Full-year cash remittances amounted to US$ 28.1 billion or 4.3 percent higher than the US$ 26.9 billion in 2016. The higher cash remittances in 2017 was supported by the increase in transfers from both land-based workers (4.0 percent) and sea-based workers (5.4 percent).
Despite the “pockets of politcal uncertainties” across the globe, cash remittances in 2017 remained resilient. Remittances from the oil-dependent Middle Eastern countries increased by 3.4 percent, driven by growth in remittances from the UAE, Qatar and Bahrain. Meanwhile, Asia-based overseas Filipinos’ remittances increased by7.3 percent as manifested in transfers from Singapore, Japan and Taiwan.
There was an increase in remittances from the Americas which amounted to 5.8 percent and the major contributor was the 5.5 percent growth in remittances from the United States.
Despite the decrease in remittances from the United Kingdom due partically to the depreciation of the pound sterling vis-à-vis the US dollar, remittances from Europe went up by 5.1 percent.
According to the Bangko Sentral ng Pilipinas statement, the bulk of cash remittances came from the United States, United Arab Emirates, Saudi Arabia, Singapore, Japan, United Kingdom, Qatar, Kuwait, Germany and Hong Kong.

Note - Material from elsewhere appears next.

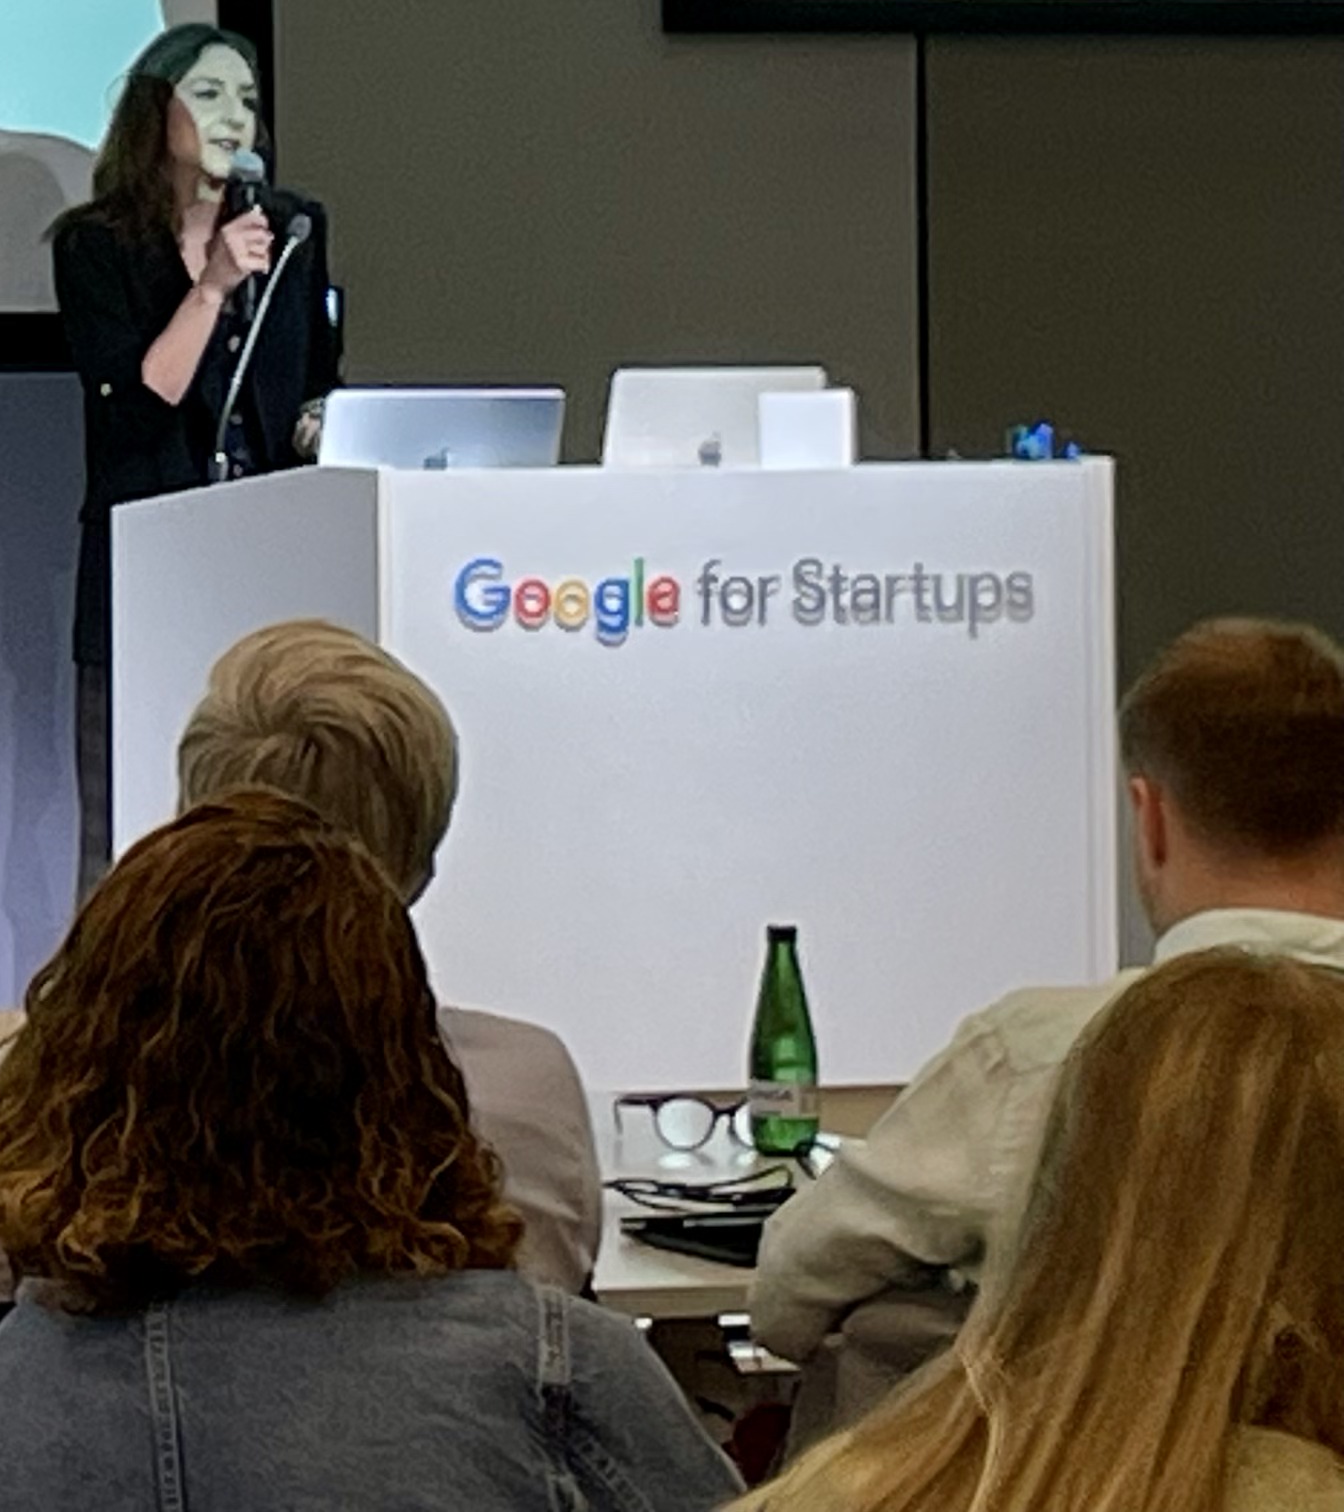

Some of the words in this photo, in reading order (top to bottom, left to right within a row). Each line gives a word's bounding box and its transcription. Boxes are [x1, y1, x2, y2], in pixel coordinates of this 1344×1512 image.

[453, 557, 682, 648] Google
[696, 558, 781, 629] for
[791, 557, 1036, 640] Startups

The Philippine government has earlier banned the sending of Filipino workers to Kuwait after several violent incidents affected migrant workers were brought to national government’s attention. There were some 250 – 260,000 Filipino migrant workers in Kuwait with some 70 percent employed as domestic helpers considered the most vulnerable of all workers.
The combined remittances from these countries accounted for 80.1 percent of the total cash remittances. (Melo M. Acuna / Bicol Times)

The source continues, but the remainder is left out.